(Spatial localization data)
=-=-=

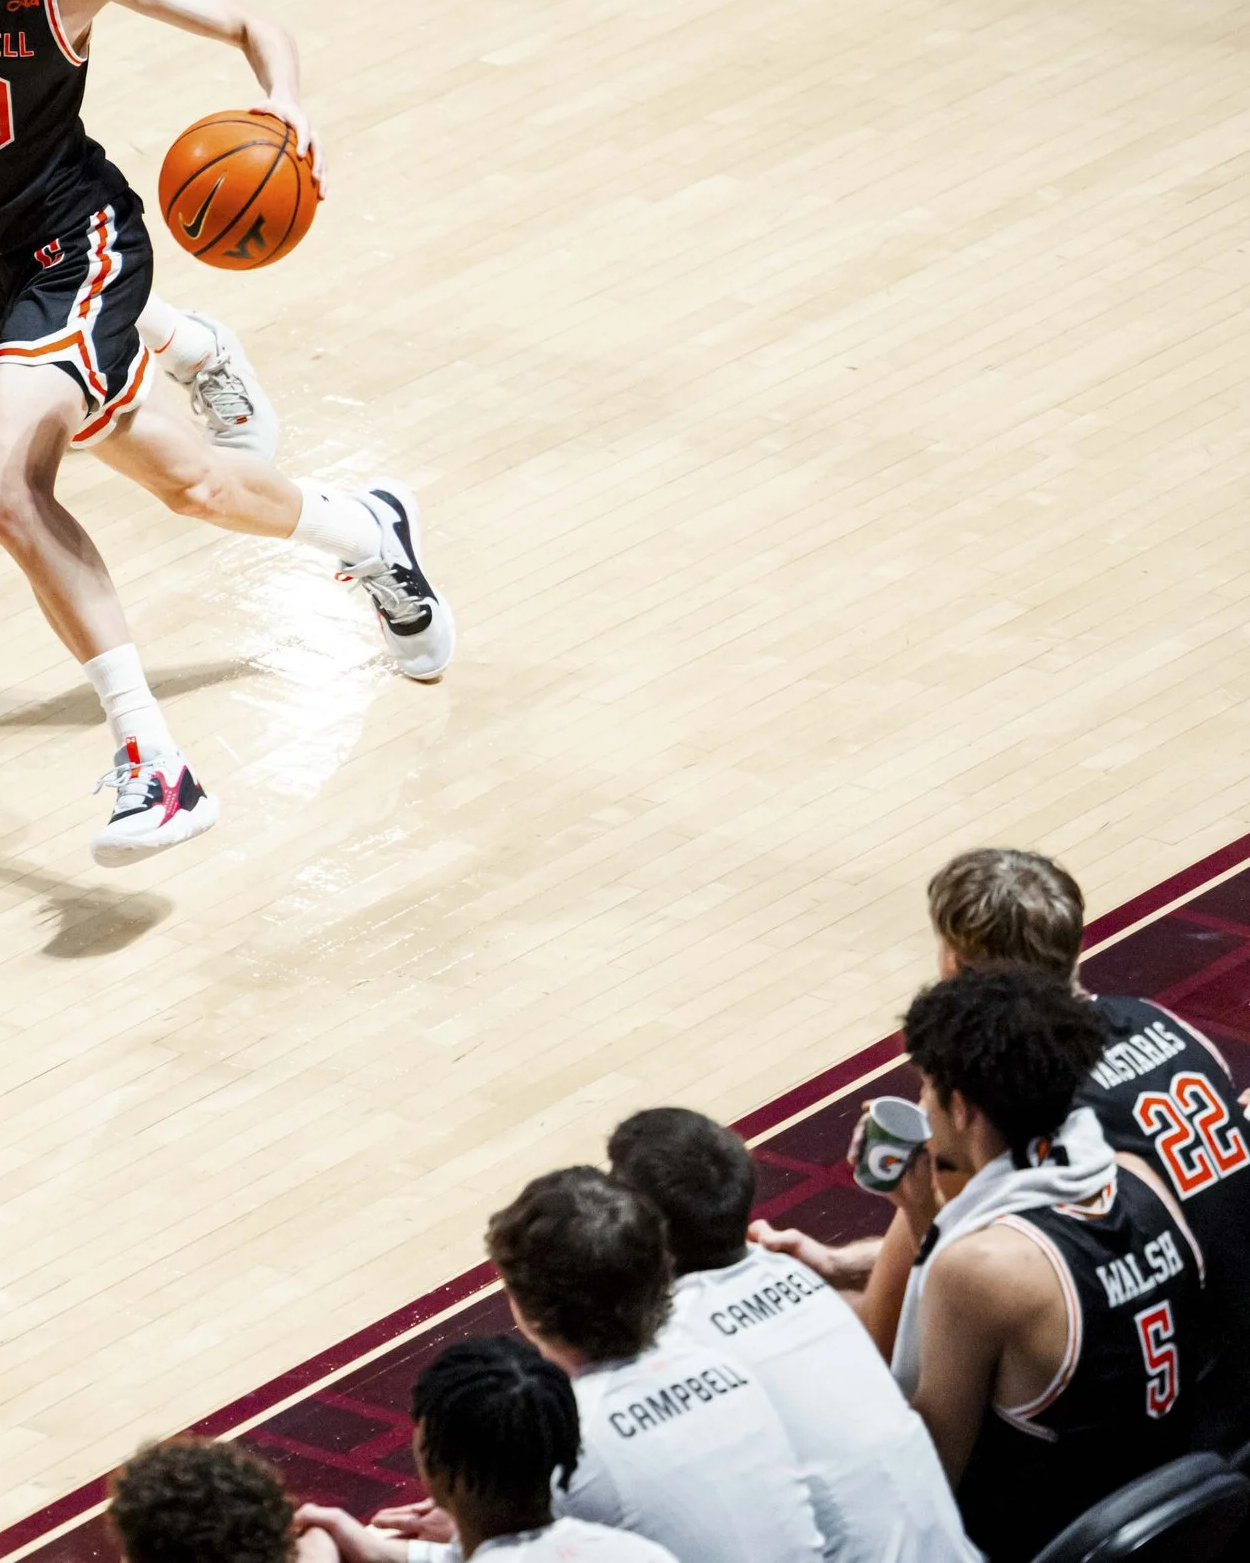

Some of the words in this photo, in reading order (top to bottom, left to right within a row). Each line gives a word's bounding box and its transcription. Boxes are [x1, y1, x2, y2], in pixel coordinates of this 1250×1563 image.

[1132, 1070, 1250, 1201] 22
[709, 1271, 828, 1337] CAMPBEL
[1095, 1229, 1185, 1309] WALSH
[1134, 1299, 1180, 1420] 5
[607, 1364, 749, 1439] CAMPBELL

=-=-=

§ EXERCISE REQUIREMENTS:
All of the records above are to be printed exactly, with every picture omitted.

§ TASK RESPONSE:
Some of the words in this photo, in reading order (top to bottom, left to right within a row). Each line gives a word's bounding box and its transcription. Boxes are [x1, y1, x2, y2], in pixel coordinates of this 1250×1563 image.

[1132, 1070, 1250, 1201] 22
[709, 1271, 828, 1337] CAMPBEL
[1095, 1229, 1185, 1309] WALSH
[1134, 1299, 1180, 1420] 5
[607, 1364, 749, 1439] CAMPBELL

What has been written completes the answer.